Semprún organisierte von der französischen Hauptstadt aus den Widerstand gegen die Franco-Diktatur und baute die spanische Exil-KP auf. Doch wegen seiner Kritik am stalinistischen Terror wurde er 1964 aus der Partei ausgeschlossen. Da hatte Jorge Semprún schon zu schreiben begonnen und seinen ersten großen Roman - eine autobiografische Erzählung - publiziert. Romane, aber auch zahlreiche Filmdrehbücher - darunter das Drehbuch für "Z" von Costa Gavras - verfasste Semprún, der 1988 vom spanischen Premierminister Gonzales als Kulturminister in die Regierung berufen wurde. Doch nach drei Jahren nahm Semprún Abschied von der Politik und widmete sich wieder dem Schreiben. Im Jahr 1996 wurde er Mitglied der Académie Goncourt. 2003 wurde er mit der Goethe-Medaille ausgezeichnet.

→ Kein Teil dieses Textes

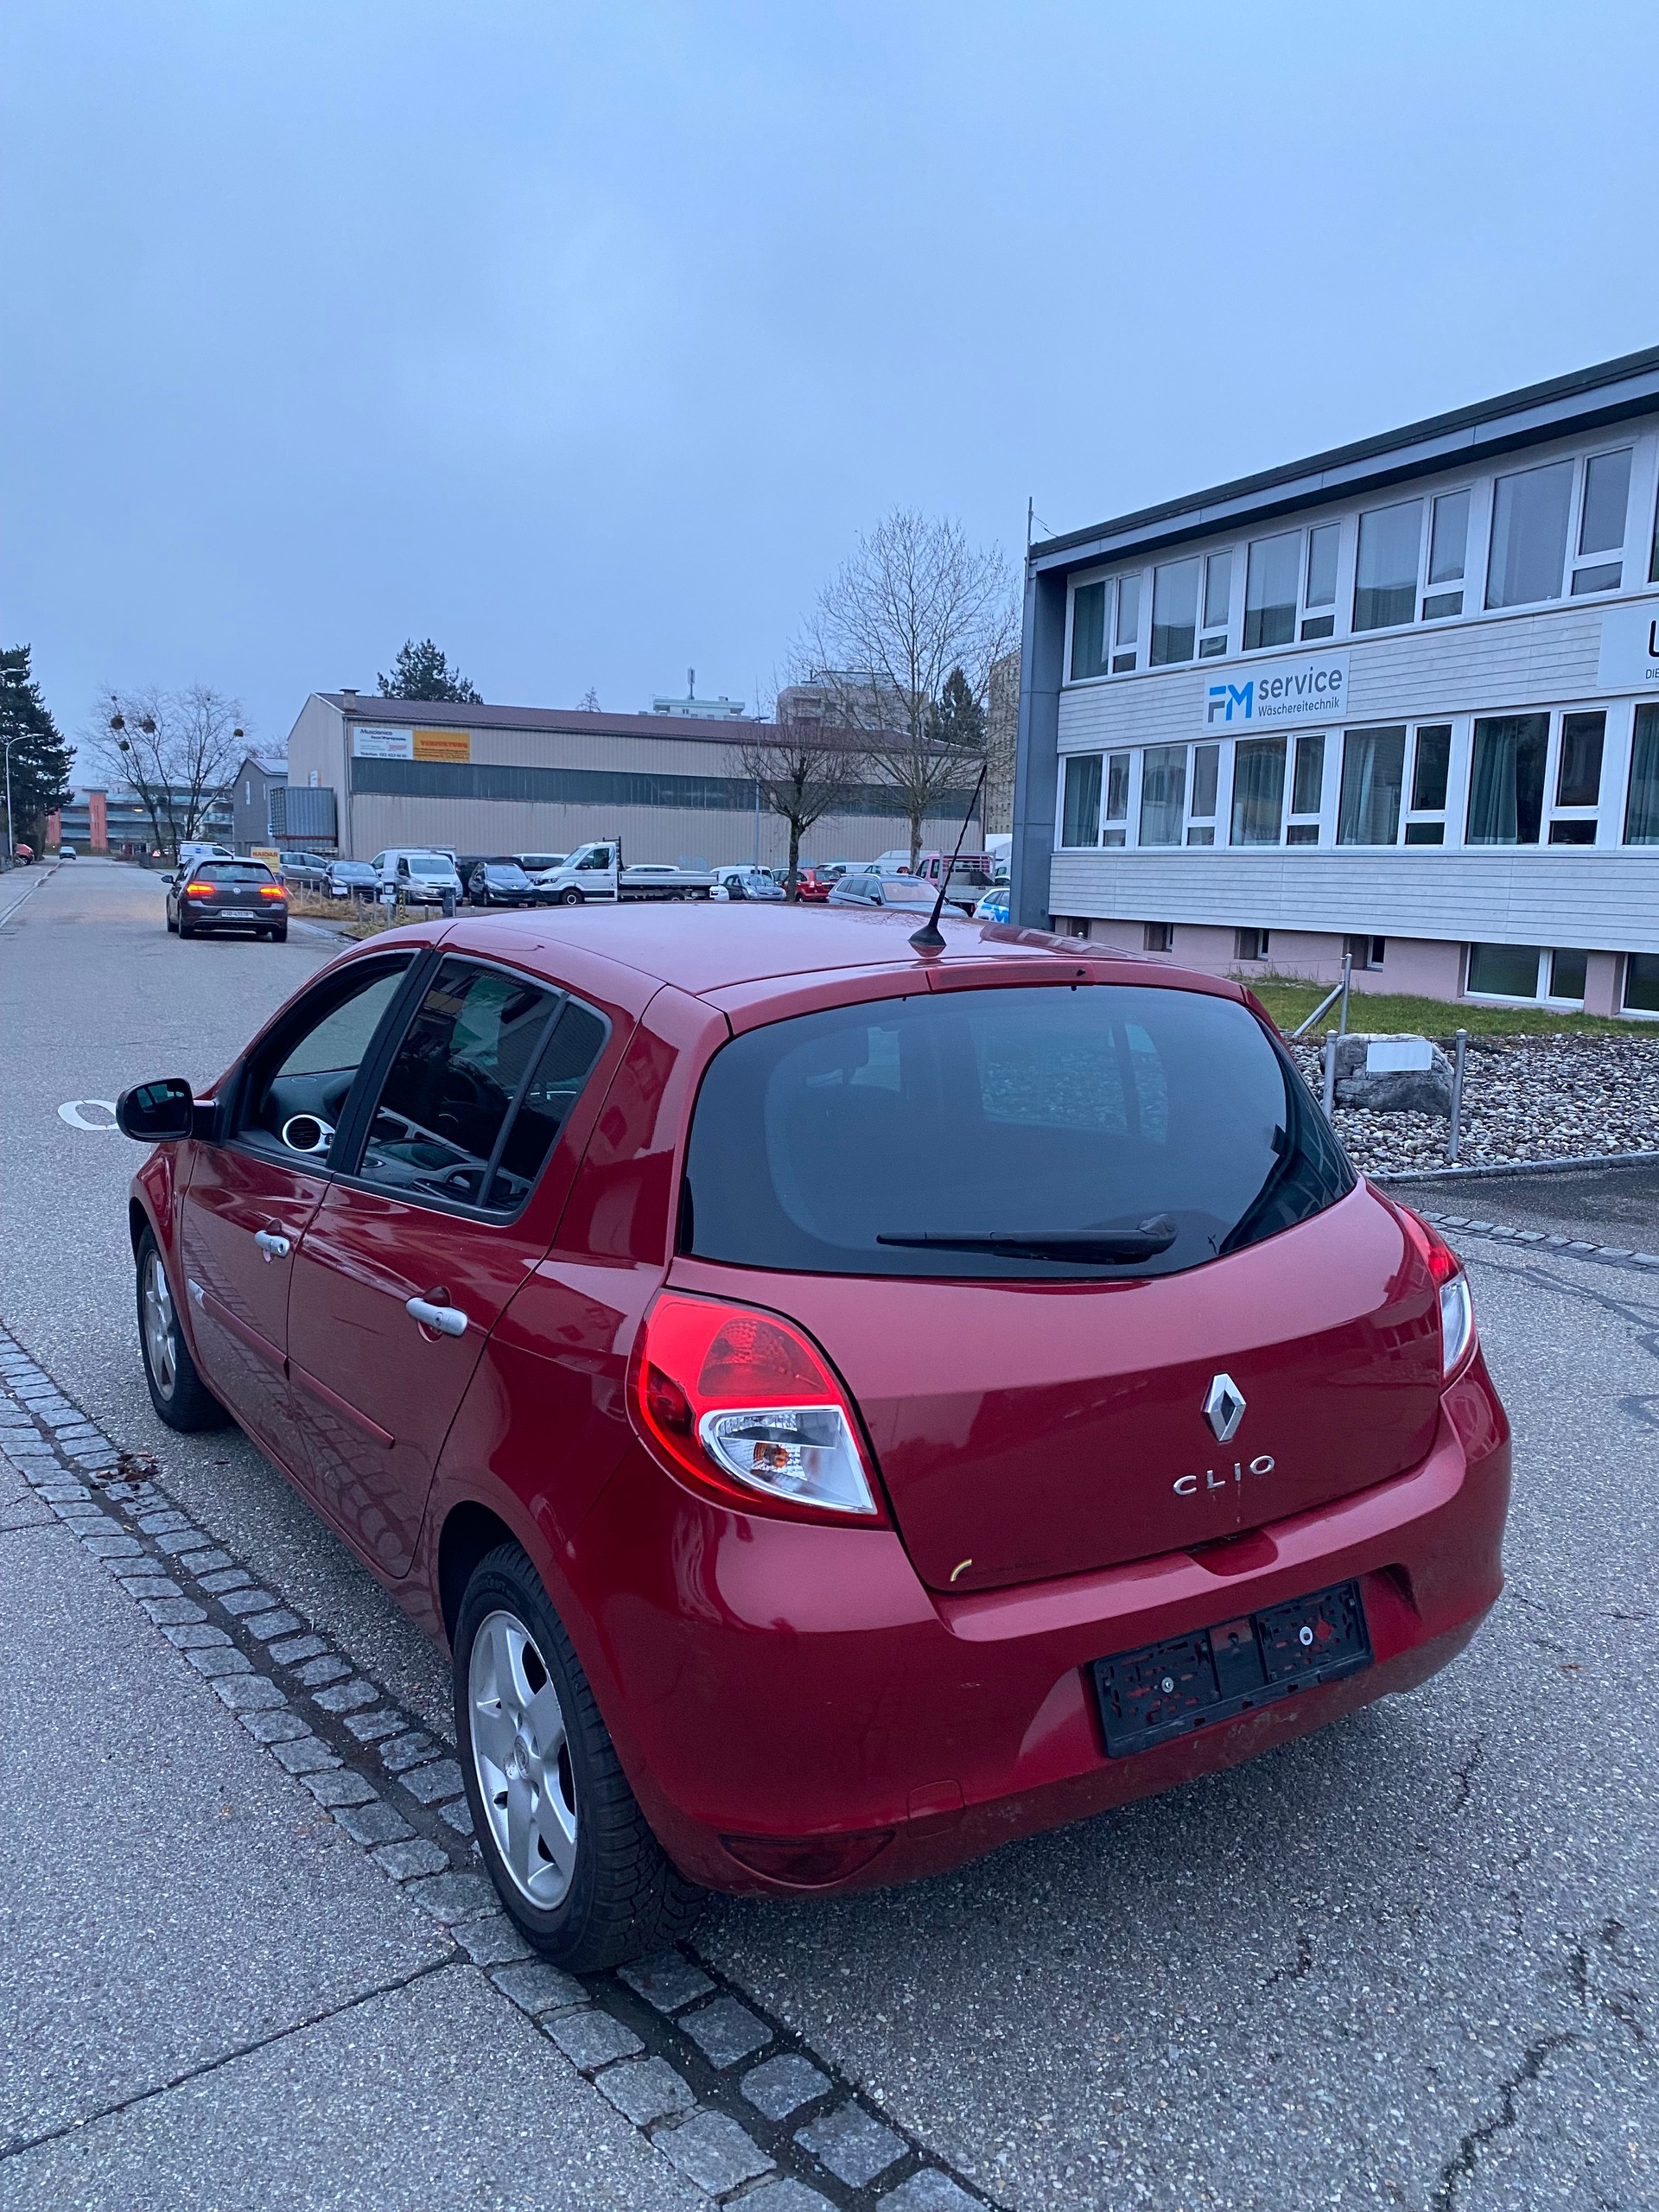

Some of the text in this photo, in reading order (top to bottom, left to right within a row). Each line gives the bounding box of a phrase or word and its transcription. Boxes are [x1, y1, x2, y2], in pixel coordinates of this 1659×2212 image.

[1208, 666, 1343, 723] FM service
[1258, 696, 1340, 717] Wäschereitechnik
[1173, 1455, 1275, 1496] CLIO

Drei Jahre später - im Jahr 2006 - Jahr wurde Jorge Semprún der "Österreichische Staatspreis für Europäische Literatur" zuerkannt. "Als Schriftsteller, Intellektueller wie als Politiker zählt Semprún zu den bedeutendsten Gestalten des zwanzigsten Jahrhunderts", begründete der damalige Kunststaatssekretär Franz Morak die Preisverleihung, die auf der Frankfurter Buchmesse bekannt gegeben wurde. Die Bücher des am 10. Dezember 1923 in Madrid geborenen Autors seien "vielschichtige Konfessionen aus den Zeiten des Exils, des Widerstands und der Vernichtungslager, aus der Epoche des Nazismus und des sowjetischen Totalitarismus. Sie gehören zu den Meisterwerken der Erzählkunst des zwanzigsten Jahrhunderts".

Michael Kerbler hat Jorge Semprún anlässlich seines 83. Geburtstags in Paris besucht, um mit ihm über das Gedächtnis der Literatur zu sprechen, über die Zukunft Europas und die Entwicklung des Islam zu debattieren.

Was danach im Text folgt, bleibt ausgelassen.